**YOUR OBJECTIVE**. In full and word for word, restate the lines of the listing.

◇ ◇ ◇

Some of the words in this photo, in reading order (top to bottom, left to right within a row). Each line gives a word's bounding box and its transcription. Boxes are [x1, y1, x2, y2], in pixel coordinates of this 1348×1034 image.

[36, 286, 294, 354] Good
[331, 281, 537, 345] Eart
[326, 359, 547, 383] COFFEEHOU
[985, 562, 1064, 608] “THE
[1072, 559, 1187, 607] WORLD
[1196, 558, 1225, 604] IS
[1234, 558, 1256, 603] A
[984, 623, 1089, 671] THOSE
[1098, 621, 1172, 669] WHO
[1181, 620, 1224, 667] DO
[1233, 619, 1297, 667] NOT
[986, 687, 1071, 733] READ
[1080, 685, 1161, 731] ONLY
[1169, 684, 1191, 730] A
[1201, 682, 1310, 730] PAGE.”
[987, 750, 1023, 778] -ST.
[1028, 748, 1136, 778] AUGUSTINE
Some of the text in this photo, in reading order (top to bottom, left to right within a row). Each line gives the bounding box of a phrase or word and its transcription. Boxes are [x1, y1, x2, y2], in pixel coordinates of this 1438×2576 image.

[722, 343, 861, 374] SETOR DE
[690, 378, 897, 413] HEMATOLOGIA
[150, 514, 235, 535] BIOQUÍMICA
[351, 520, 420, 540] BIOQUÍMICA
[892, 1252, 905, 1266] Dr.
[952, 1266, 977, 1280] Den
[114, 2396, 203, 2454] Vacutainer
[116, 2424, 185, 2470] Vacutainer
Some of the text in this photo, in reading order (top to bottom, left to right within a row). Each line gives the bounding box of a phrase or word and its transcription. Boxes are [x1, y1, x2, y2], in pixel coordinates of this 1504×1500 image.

◇ ◇ ◇

**RESPONSE TO THIS TASK**.
Some of the words in this photo, in reading order (top to bottom, left to right within a row). Each line gives a word's bounding box and its transcription. Boxes are [x1, y1, x2, y2], in pixel coordinates of this 1348×1034 image.

[36, 286, 294, 354] Good
[331, 281, 537, 345] Eart
[326, 359, 547, 383] COFFEEHOU
[985, 562, 1064, 608] “THE
[1072, 559, 1187, 607] WORLD
[1196, 558, 1225, 604] IS
[1234, 558, 1256, 603] A
[984, 623, 1089, 671] THOSE
[1098, 621, 1172, 669] WHO
[1181, 620, 1224, 667] DO
[1233, 619, 1297, 667] NOT
[986, 687, 1071, 733] READ
[1080, 685, 1161, 731] ONLY
[1169, 684, 1191, 730] A
[1201, 682, 1310, 730] PAGE.”
[987, 750, 1023, 778] -ST.
[1028, 748, 1136, 778] AUGUSTINE
Some of the text in this photo, in reading order (top to bottom, left to right within a row). Each line gives the bounding box of a phrase or word and its transcription. Boxes are [x1, y1, x2, y2], in pixel coordinates of this 1438×2576 image.

[722, 343, 861, 374] SETOR DE
[690, 378, 897, 413] HEMATOLOGIA
[150, 514, 235, 535] BIOQUÍMICA
[351, 520, 420, 540] BIOQUÍMICA
[892, 1252, 905, 1266] Dr.
[952, 1266, 977, 1280] Den
[114, 2396, 203, 2454] Vacutainer
[116, 2424, 185, 2470] Vacutainer
Some of the text in this photo, in reading order (top to bottom, left to right within a row). Each line gives the bounding box of a phrase or word and its transcription. Boxes are [x1, y1, x2, y2], in pixel coordinates of this 1504×1500 image.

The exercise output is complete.